● **Requirement**: Reproduce, word for word, all of the records; the pictures stay out.

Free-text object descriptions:
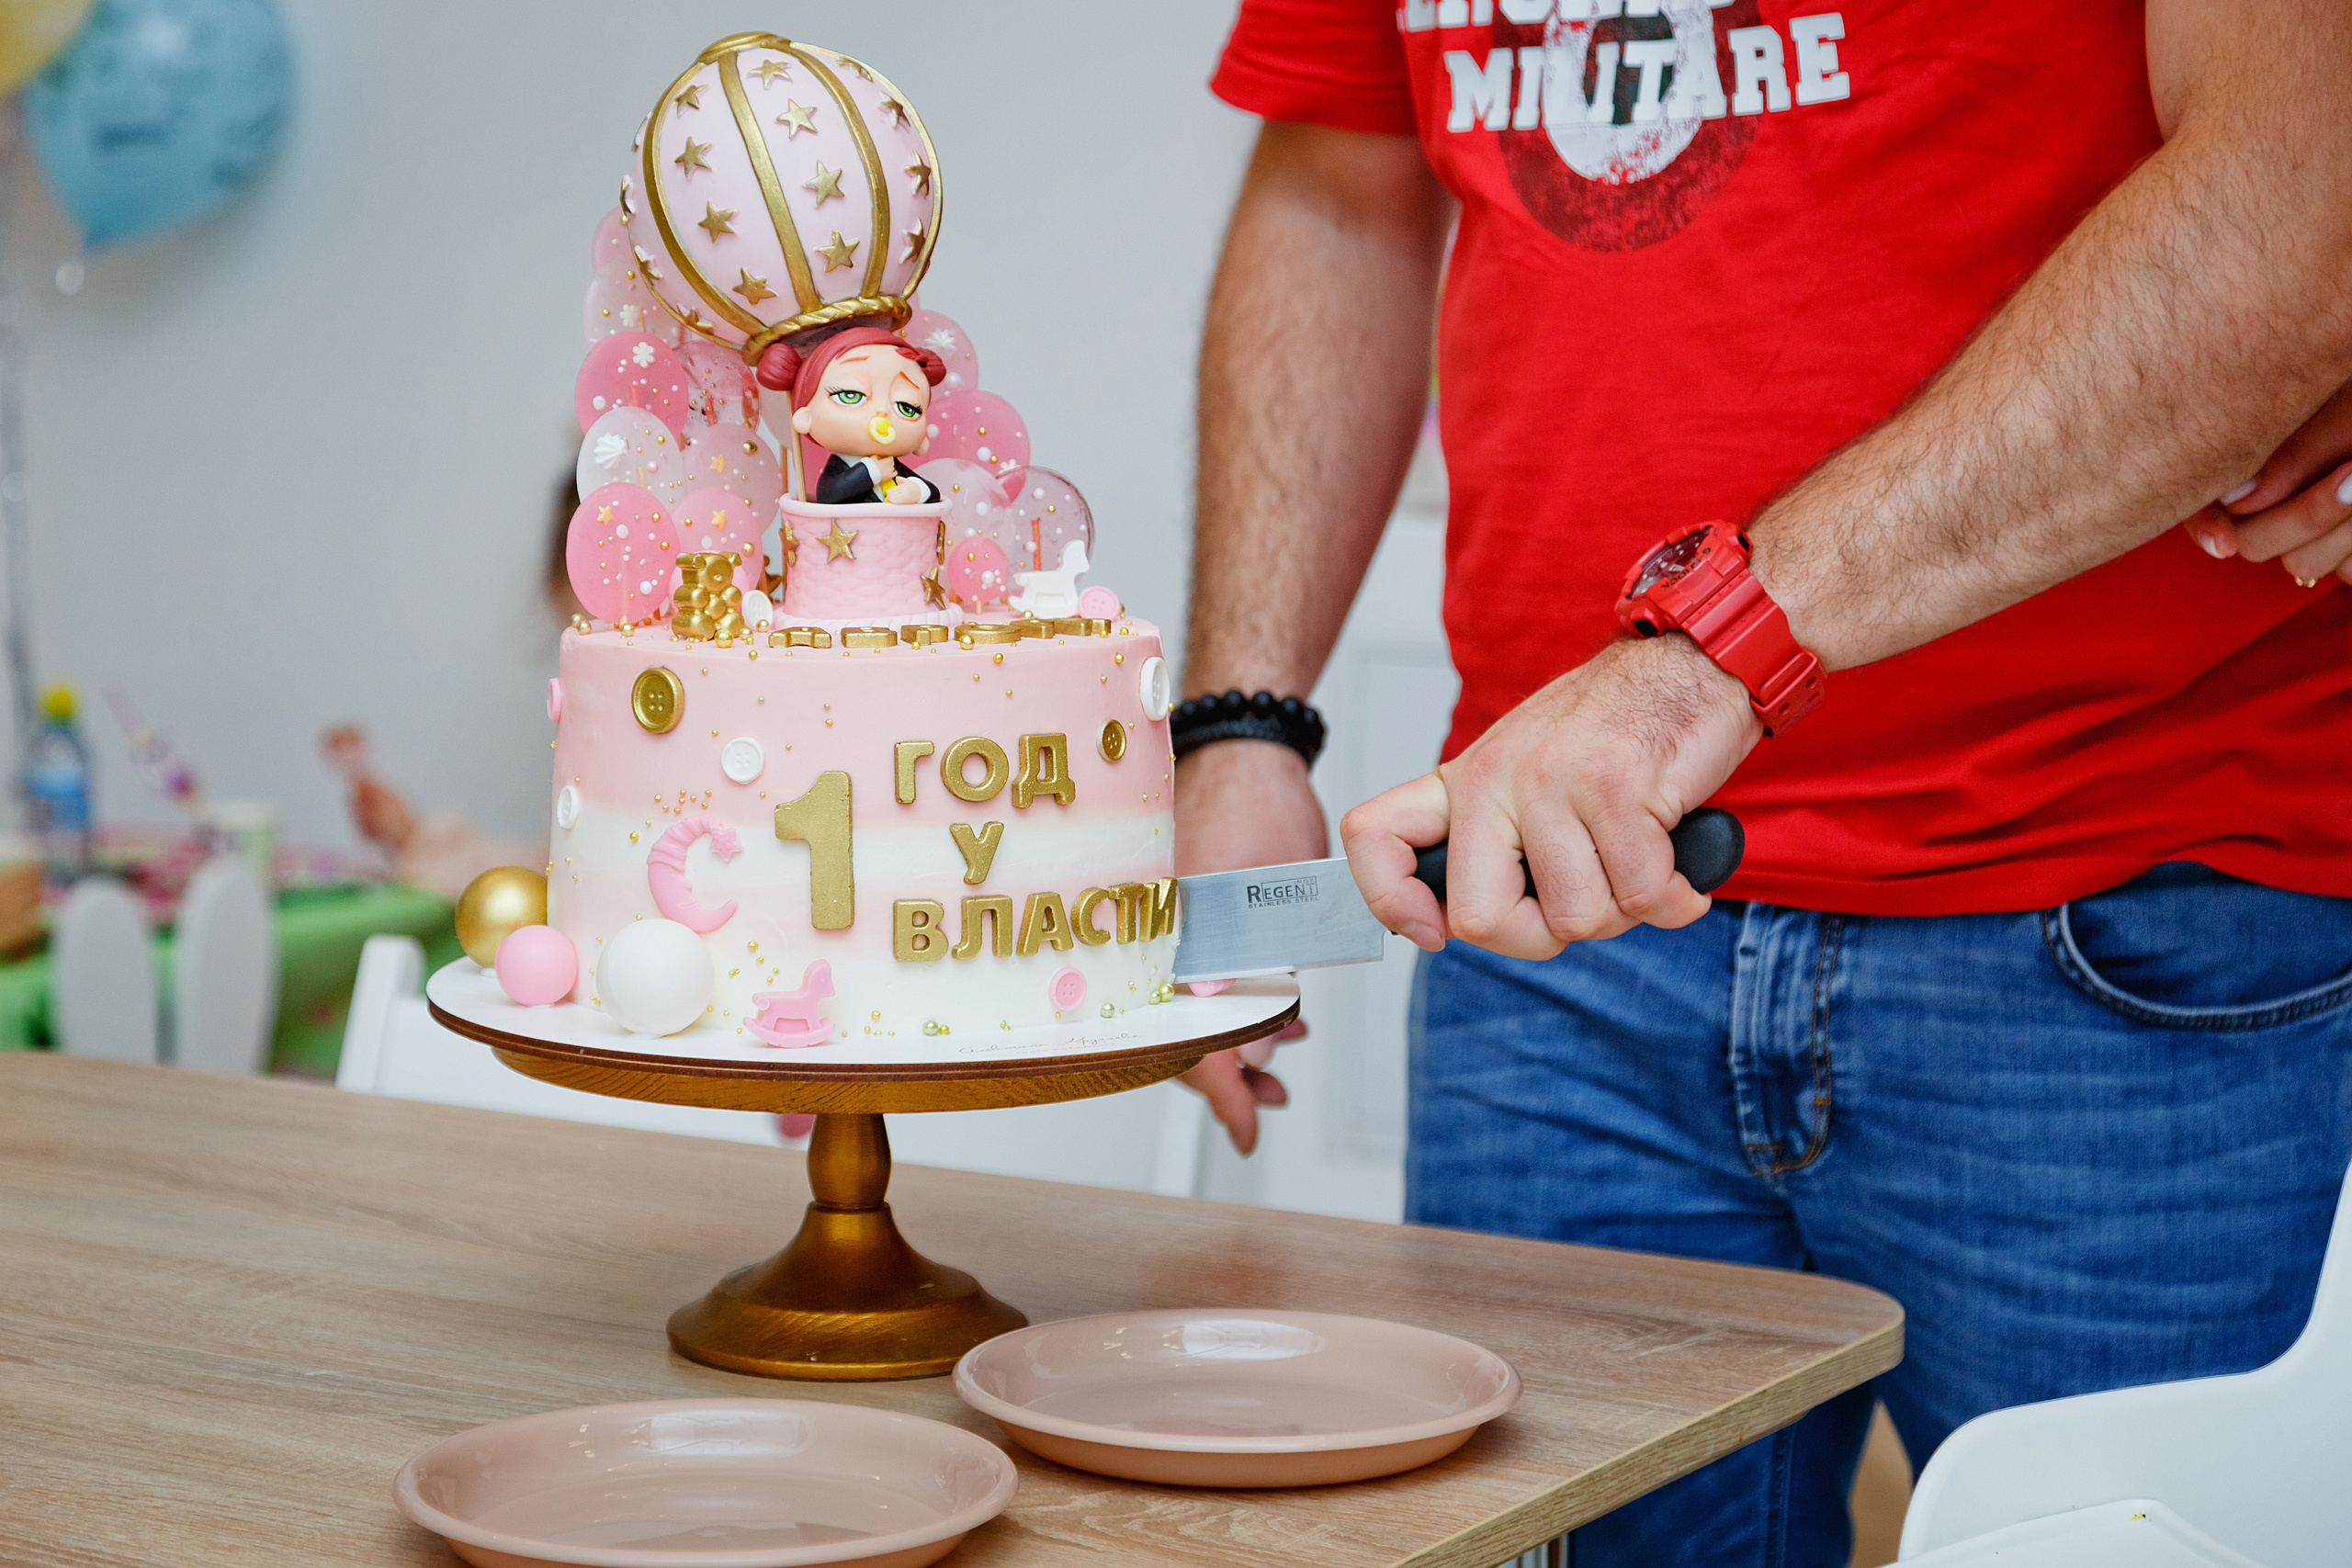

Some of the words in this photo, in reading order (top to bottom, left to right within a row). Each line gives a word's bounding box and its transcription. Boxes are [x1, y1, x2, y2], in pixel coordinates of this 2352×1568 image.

[1444, 12, 1850, 132] MILITARE
[775, 771, 854, 930] 1
[894, 733, 1076, 808] ГОД
[949, 821, 1004, 886] У
[893, 877, 1178, 962] ВЛАСТИ
[1249, 900, 1292, 908] STAINLESS

● **Answer to this exercise**:
Some of the words in this photo, in reading order (top to bottom, left to right within a row). Each line gives a word's bounding box and its transcription. Boxes are [x1, y1, x2, y2], in pixel coordinates of this 2352×1568 image.

[1444, 12, 1850, 132] MILITARE
[775, 771, 854, 930] 1
[894, 733, 1076, 808] ГОД
[949, 821, 1004, 886] У
[893, 877, 1178, 962] ВЛАСТИ
[1249, 900, 1292, 908] STAINLESS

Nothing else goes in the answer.